La rivoluzione dei libri di scuola in mano ad Apple? Forse no

Non tutti concordano sul successo e soprattutto sull'immediatezza del modello scelto da Apple per portare avanti la rivoluzione digitale dei libri di testo. Fattori come costi dell'hardware e concorrenza rischiano di rallentare la corsa.
Non tutti concordano sul successo e soprattutto sull'immediatezza del modello scelto da Apple per portare avanti la rivoluzione digitale dei libri di testo. Fattori come costi dell'hardware e concorrenza rischiano di rallentare la corsa.


Ogni volta che Apple mette mano a un segmento di mercato -nuovo o già battuto da altri-, finisce che si parli di rivoluzione e di forza dirompente. Eppure -Apple TV ne sia un esempio- non sempre tutte le ciambelle di Cupertino riescono col buco, e c’è chi è pronto a giurare che, se rivoluzione dei libri di testo sarà, non arriverà prima d’un lungo periodo d’assestamento e soprattutto prima che altri competitor si siano gettati nella mischia.

Quando Joshua Bento di Nieman Journalism Lab parlava del “Garage Band degli ebook” si riferiva alla facilità disarmante con cui, grazie ai nuovi strumenti di Apple, è ora possibile creare in poco tempo accattivanti contenuti didattici dedicati ad iPad e dotati d’un’anima completamente interattiva. Potremmo essere di fronte al cambiamento più significativo del settore dopo Gutenberg, ma non è detto che i tempi siano rapidi né che il merito vada tutto alla mela.
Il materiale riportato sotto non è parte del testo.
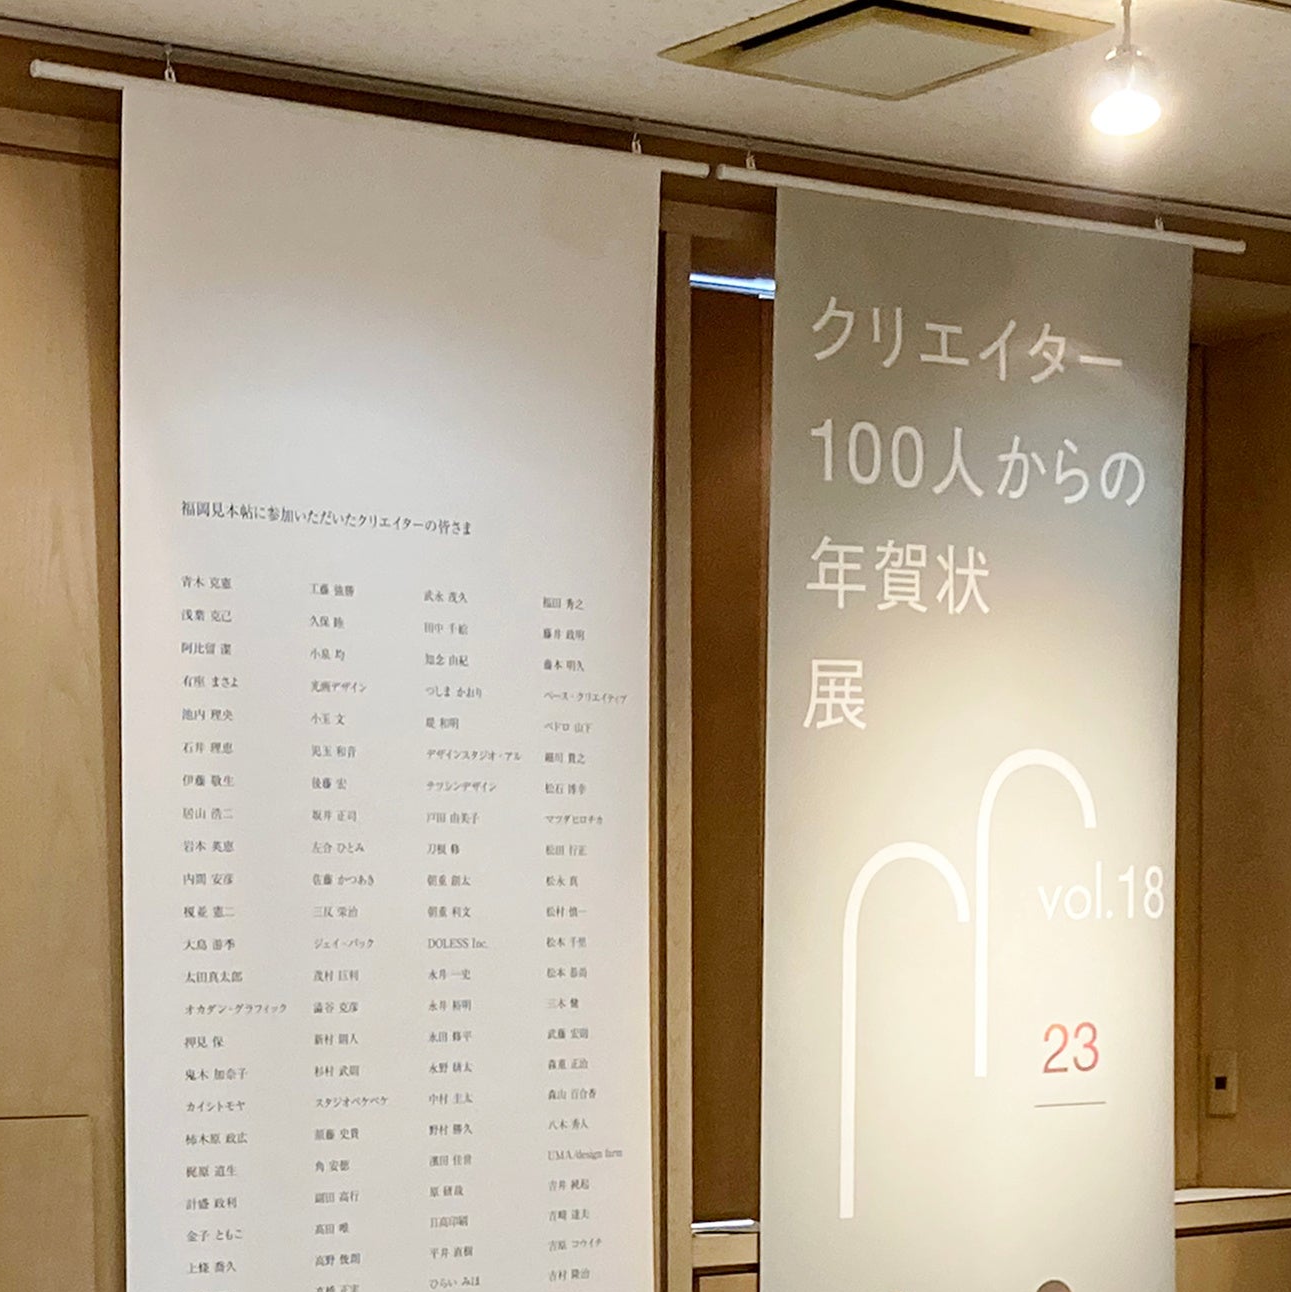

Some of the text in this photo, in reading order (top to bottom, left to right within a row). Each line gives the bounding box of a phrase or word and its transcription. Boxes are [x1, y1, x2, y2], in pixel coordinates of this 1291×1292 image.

[811, 296, 1123, 384] クリエイター
[810, 418, 1146, 506] 100人からの
[181, 500, 472, 537] 福岡見本帖に参加いただいたクリエイターの皆さま
[806, 535, 990, 615] 年賀状
[802, 658, 867, 730] 展
[1037, 860, 1166, 921] vol.18
[1041, 1021, 1101, 1075] 23
Innanzitutto, l’ecosistema Apple è chiuso; somiglia ad un “recinto dorato” dal quale non si può uscire e che potrebbe rappresentare un deterrente per scuole e famiglie, intenzionate piuttosto a tutelare i propri investimenti per il maggior lasso di tempo possibile. C’è da dire che, almeno per il momento, iPad è il leader di mercato, ma con Android alle calcagna è difficile credere che gli equilibri resteranno immutati per molto ancora.
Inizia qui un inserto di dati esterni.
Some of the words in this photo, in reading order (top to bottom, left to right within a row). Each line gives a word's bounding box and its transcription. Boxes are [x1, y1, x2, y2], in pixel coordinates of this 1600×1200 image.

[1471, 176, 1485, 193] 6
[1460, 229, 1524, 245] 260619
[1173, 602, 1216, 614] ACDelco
Altra questione è il fattore costi. Prendiamo l’hardware di base: iPad non è propriamente un gingillo economico, e nelle versioni di punta viene commercializzato al prezzo d’un portatile. Certo, il costo calmierato degli ebook potrebbe far incidere meno l’acquisto del dispositivo, ma il limite di 14,99$ sui testi si applica esclusivamente ai tomi delle scuole superiori; e già oggi, almeno su Amazon USA, gli ebook destinati agli studenti del college costano come o più dell’equivalente cartaceo. Per farla semplice, Apple si sta “alleando in partnership” con gli editori; non gli sta mica muovendo guerra. Ciò implica che difficilmente un libro da 150$ verrà rimpiazzato con un ebook da 15$, anche se nel computo generale ora vanno aggiunte almeno un paio di novità: l’impossibilità di rivendersi l’usato, e l’eventualità che nuovi competitor -o autori di pregio senza una casa editrice alle spalle- entrino in scena con prodotti competitivi e di qualità.
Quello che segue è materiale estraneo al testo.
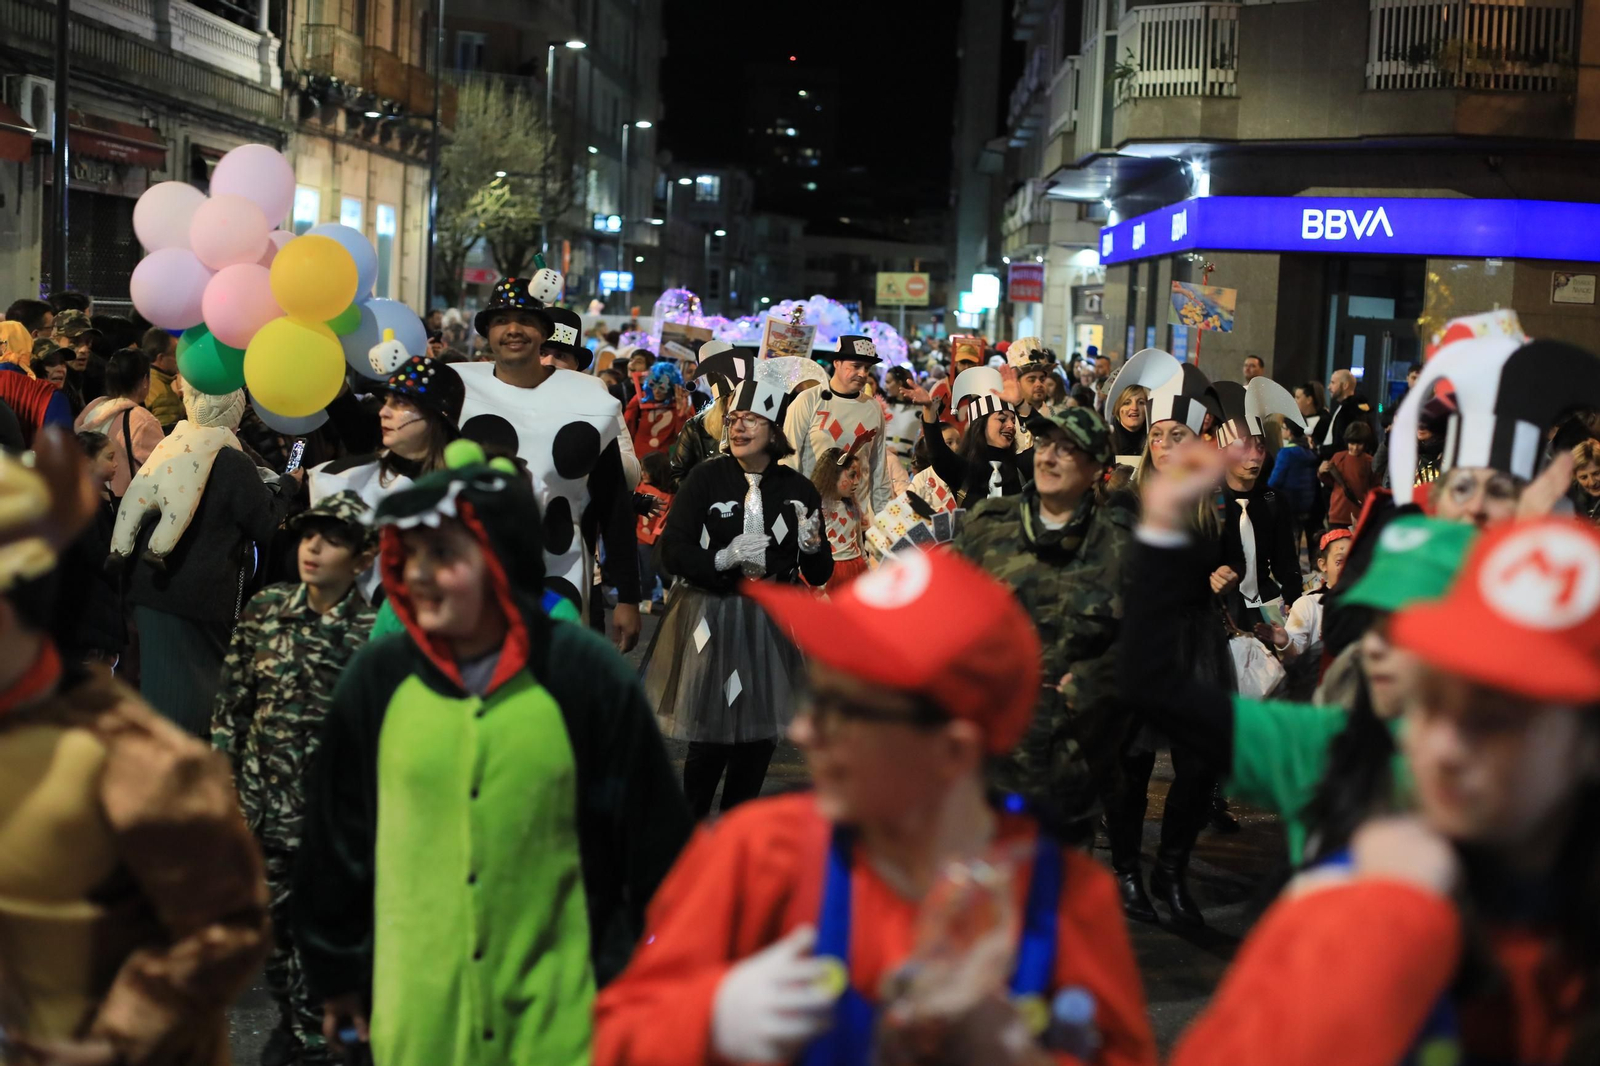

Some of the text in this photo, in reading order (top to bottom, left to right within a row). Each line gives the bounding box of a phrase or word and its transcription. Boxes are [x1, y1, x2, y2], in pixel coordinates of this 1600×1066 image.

[1301, 206, 1394, 240] BBVA
[816, 411, 830, 431] 7
[1499, 546, 1579, 608] M
Per certi versi, gli “smartbook” della Inking paiono già ora più sofisticati degli omologhi con la mela, e diverse altre società – per esempio Chegg e Kno- combattono da tempo per raggiungere visibilità in questo settore. E poi, i libri di testo non rappresentano più da tempo l’unica risorsa cui gli studenti hanno accesso. Progetti come Wikipedia, Khan Academy, Wolfram Alpha, iTunes U, MIT Open Courseware e i testi gratuiti di CK-12 costituiscono un irrinunciabile sussidio per milioni di discenti del globo, ed è questa la ragione per cui Cupertino ha incastonato pezzi di Web -HTML5 e JavaScript su tutti- direttamente all’interno di iBooks Author. Il che tuttavia conferma che il cambiamento era in atto ben prima dell’ultimo evento Apple; loro, semmai, sono stati i primi tra i grandi dell’hi tech ad accorgersene e avvantaggiarsene.